--- EXERCISE INPUTS Enclosed Below ---

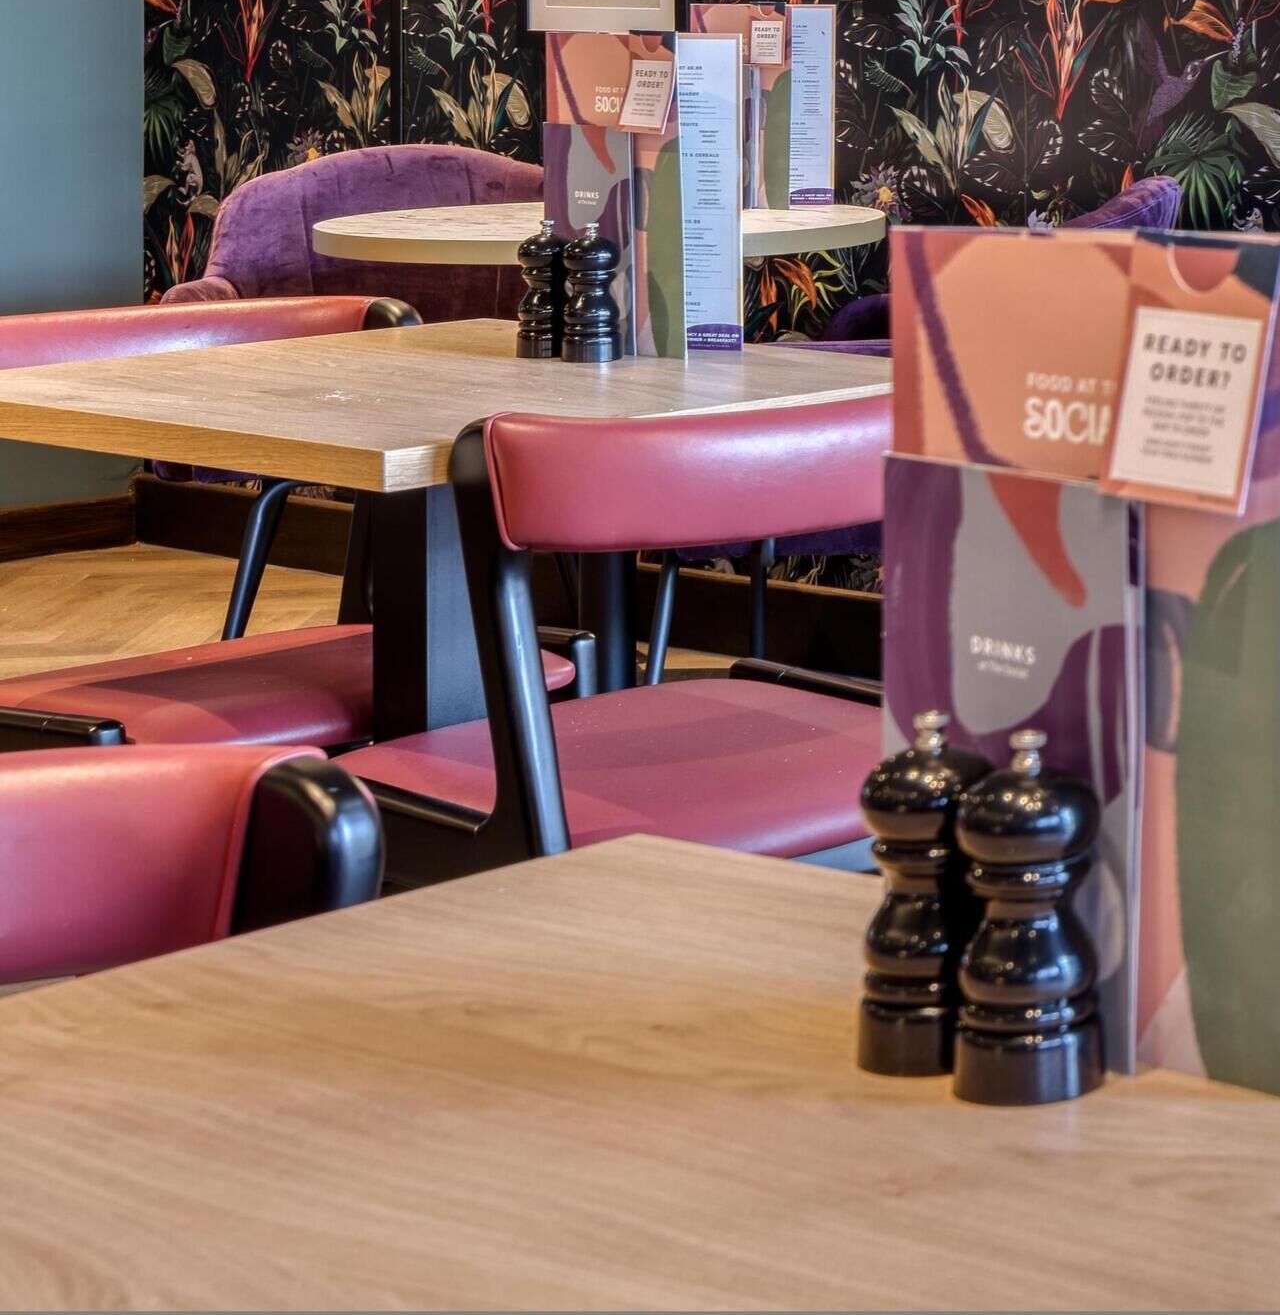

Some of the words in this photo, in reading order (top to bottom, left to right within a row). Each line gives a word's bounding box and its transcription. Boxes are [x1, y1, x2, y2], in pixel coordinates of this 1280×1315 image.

[635, 70, 658, 78] READY
[659, 71, 669, 79] TO
[637, 80, 665, 89] ORDER?
[574, 190, 600, 199] DRINKS
[1142, 333, 1212, 359] READY
[1218, 342, 1249, 365] TO
[1024, 371, 1073, 394] FOOD
[1075, 377, 1097, 395] AT
[1148, 362, 1233, 391] ORDER?
[969, 634, 1037, 666] DRINKS

--- End of Enclosed EXERCISE INPUTS ---

• **YOUR ASSIGNMENT**:
Without changing a word, retype the data above and omit its pictures.

• **COMPLETED EXERCISE**:
Some of the words in this photo, in reading order (top to bottom, left to right within a row). Each line gives a word's bounding box and its transcription. Boxes are [x1, y1, x2, y2], in pixel coordinates of this 1280×1315 image.

[635, 70, 658, 78] READY
[659, 71, 669, 79] TO
[637, 80, 665, 89] ORDER?
[574, 190, 600, 199] DRINKS
[1142, 333, 1212, 359] READY
[1218, 342, 1249, 365] TO
[1024, 371, 1073, 394] FOOD
[1075, 377, 1097, 395] AT
[1148, 362, 1233, 391] ORDER?
[969, 634, 1037, 666] DRINKS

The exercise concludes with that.